01 - Terra
02 - Kingdom of Burmecia
03 - Cleyra Settlement
04 - Village of Dali
05 - Pandemonium
06 - A Song From Her Memory
07 - Danger In the Forest
08 - Roses of May
09 - Kuja's Theme
10 - Fleeting Life
11 - Over the Hill
12 - Another Nightmare
13 - Daguerreo, The Hermit's Library
14 - Esto Gaza
15 - South Gate
16 - Not Alone
The name TPR (of Phoenix Rise Music) might not be immediately familiar to you; it wasn't one I knew prior to this album. I first spied it only a few weeks ago, in fact, under a newly released Joypad Records album called A Melancholy Tribute to Final Fantasy IX. However, after having listened (again and again and again) to this album, I can assure you that this is a musician whom I will be keeping a close eye on.
TPR released two similar albums in the Melancholy Tribute series prior to this, focused on Final Fantasy VII and VIII, but this is the first in the collection to be published under the Joypad Records label, and the one based upon my favorite Final Fantasy, so naturally, I had to dive in and see if things measured up.
The first thing the listener will notice is that this is a long album; the majority of the tracks top three and a half minutes, each arranged for piano in the titular melancholy style. There's a lot of music here, and much like Casey Ormond's recent arrangement of Final Fantasy XII's music, it's all good. The track selection as well is excellent, featuring fan favorites like "Roses of May", "Daguerro", and "You're Not Alone", as well as some songs that don't get nearly as much attention from the arranging and remixing community, like "Esto Gaza" and "Terra".
As my fellow editor Bob Richardson recently commented, with many solo-instrument arrange albums, the work is very technically impressive, but lacks heart. This simply isn't the case here; while the title of the album suggests depressing arrangements (and to be sure, things are down-tempo), these are heartfelt and emotional arrangements of some of the best music from Final Fantasy IX. The performances are delicate but distinctive, and I lost count of the number of times I felt moved by the music.

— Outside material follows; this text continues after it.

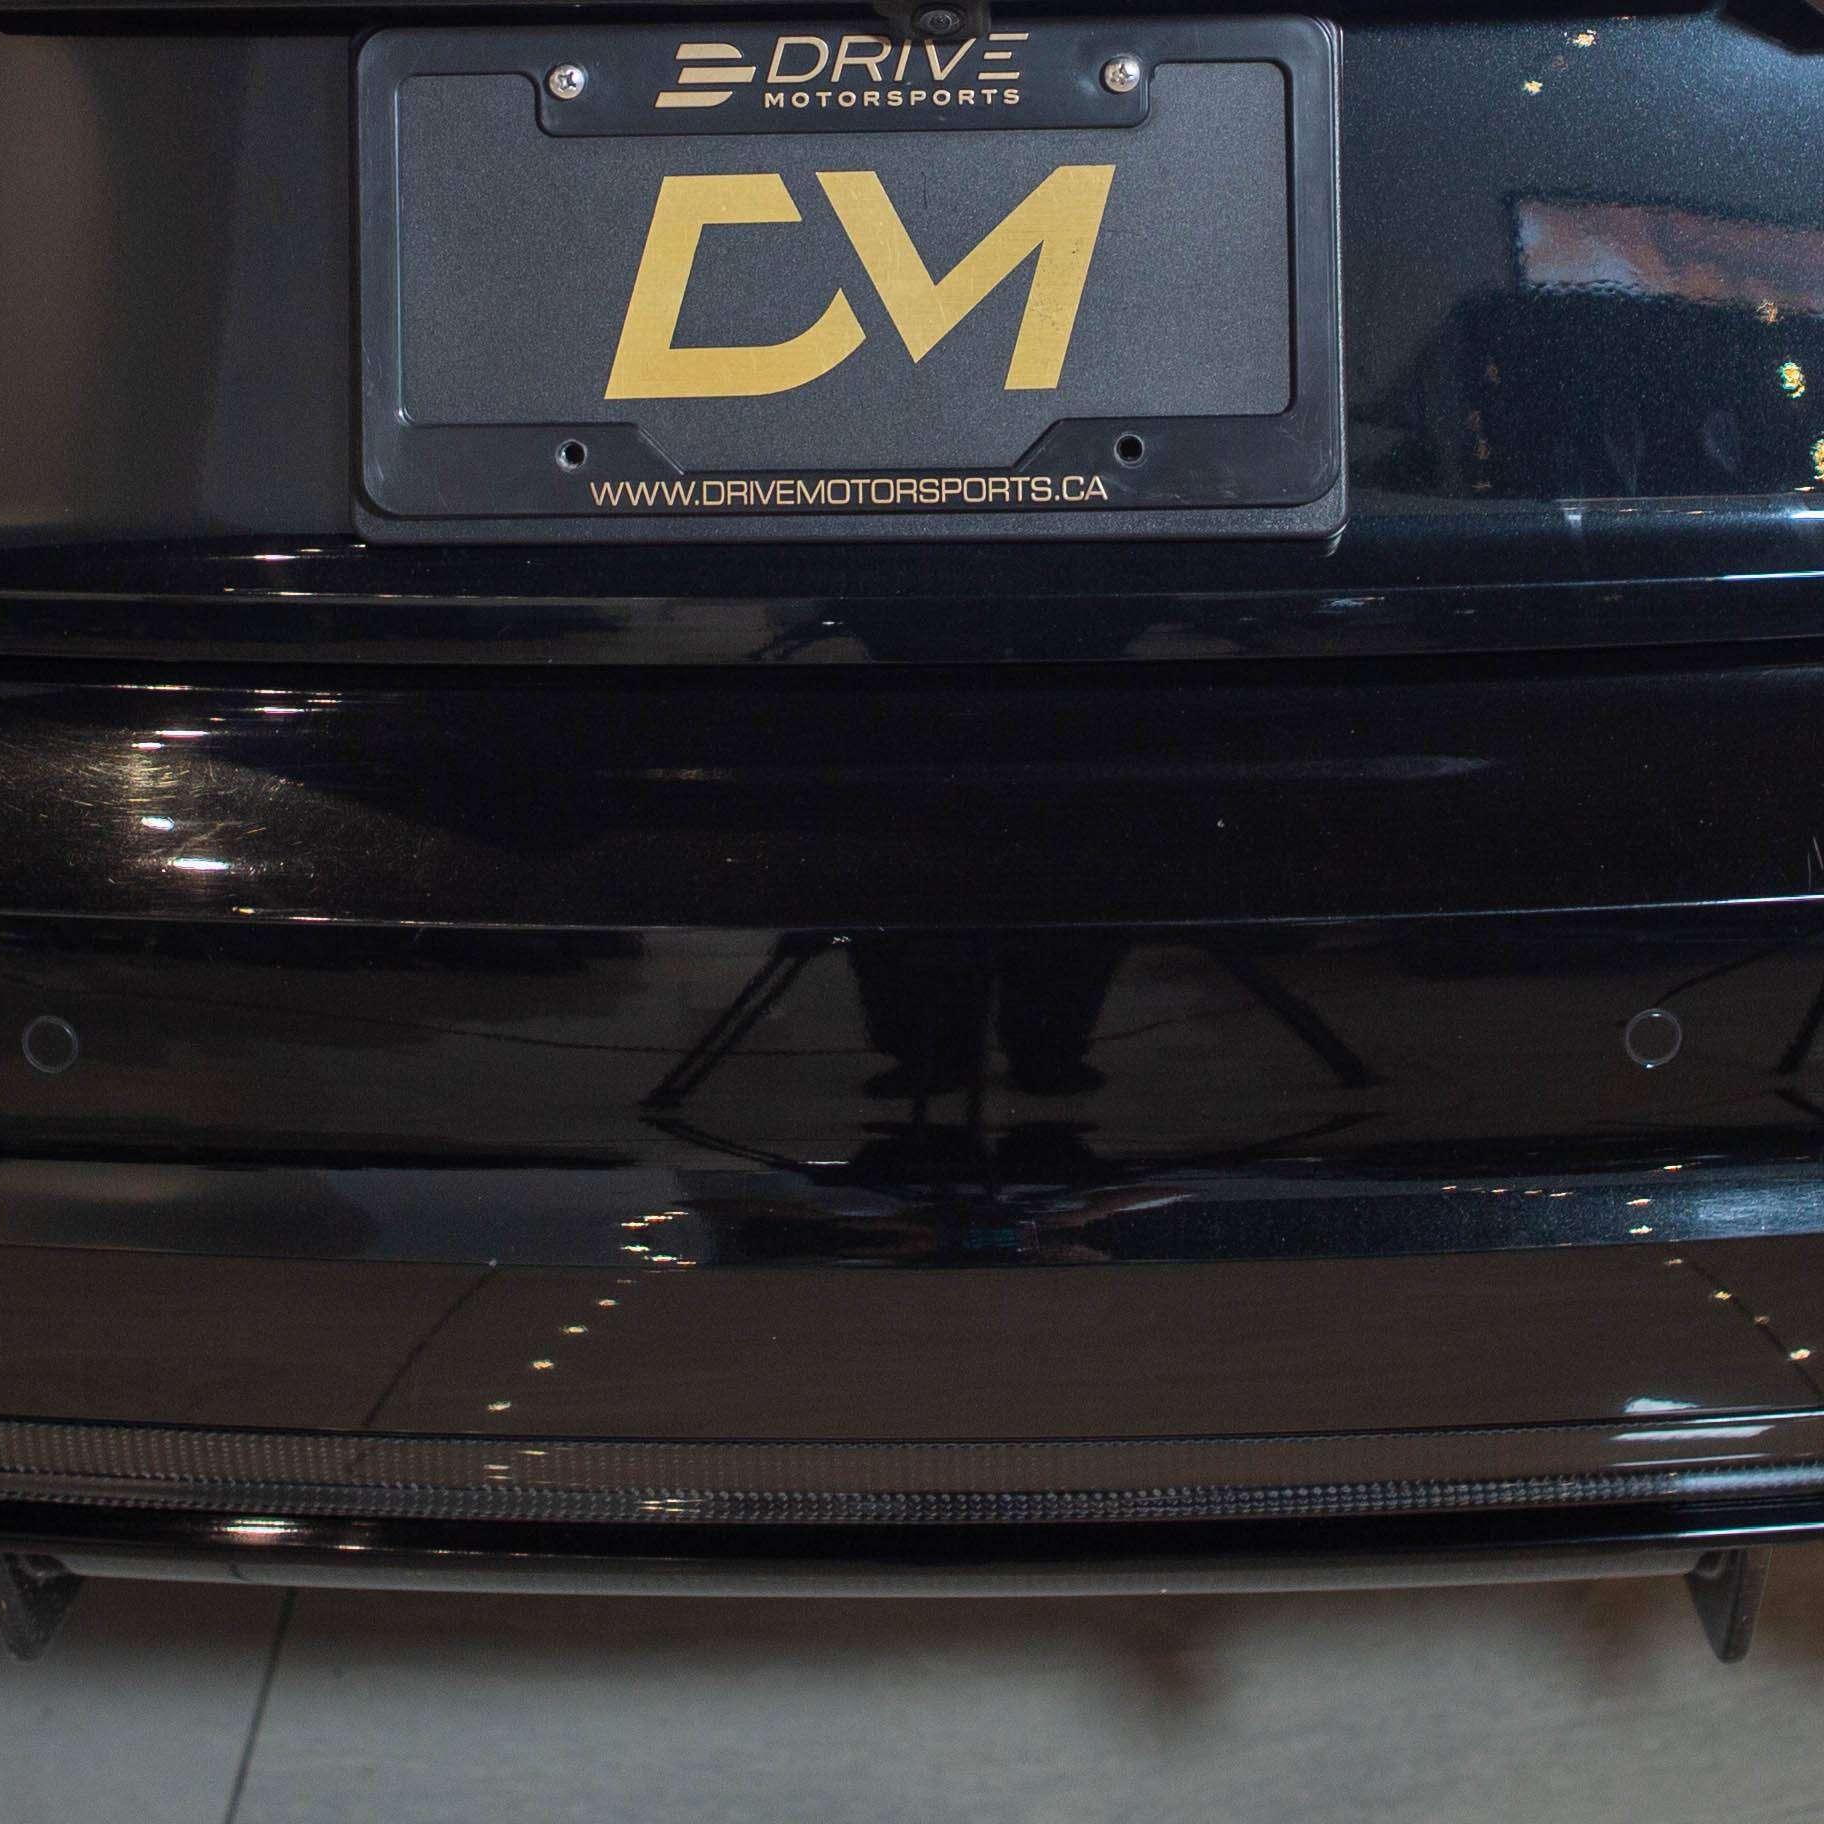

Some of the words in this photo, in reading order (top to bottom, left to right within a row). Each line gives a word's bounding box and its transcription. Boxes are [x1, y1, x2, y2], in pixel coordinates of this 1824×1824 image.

"Terra", which opens the album, has long been one of my favorite songs from the game. While the original subtly worked in "The Place I'll Return to Someday", TPR's arrangement captures the melancholy (hah!) beauty of Terra's alien vistas with a sparse and echoing sonic landscape that really enunciates on that theme. I quite literally broke out in goosebumps while listening to this track, and I'd find it impressive if any other FFIX fans didn't feel the same.
"Over the Hill", Final Fantasy IX's soft and nostalgic world map theme, also gets treatment here. Again, the song is a bit down-tempo in the arrangement, but I certainly didn't feel melancholic while listening. Once the song breaks into the main melody, you can hear each finger on the piano, dancing on the notes and really bringing out the best in this theme.
"Not Alone", TPR's arrangement of the wildly popular "You're Not Alone" track from late in the game, takes this oft-tinkered-with-but-rarely-done-justice song and, at least in my estimation, really brings out something special. The original song was so vastly different from anything that had been heard earlier in the game that its uplifting melody shocked and gripped players. Despite the usual slowing-down of the tempo, this arrangement still ends the album on a high note. I could hardly call it melancholic — just beautiful. The melody is rendered in a lonely fashion that gradually builds up, much the way the scene it accompanied in the game did. As the song builds towards its midpoint, it incorporates an ever-increasing pitch and fervor, with more pronounced chords that bring the album to powerful crescendo before slowly breaking down and ending with an even simpler rendition of the melody than it began with.
A Melancholy Tribute to Final Fantasy IX will make you feel anything but. These are beautiful and emotion-filled renditions of some of Uematsu's greatest work to date, and TPR has done justice to the name. There really isn't much more I can say, other than "Go buy this album."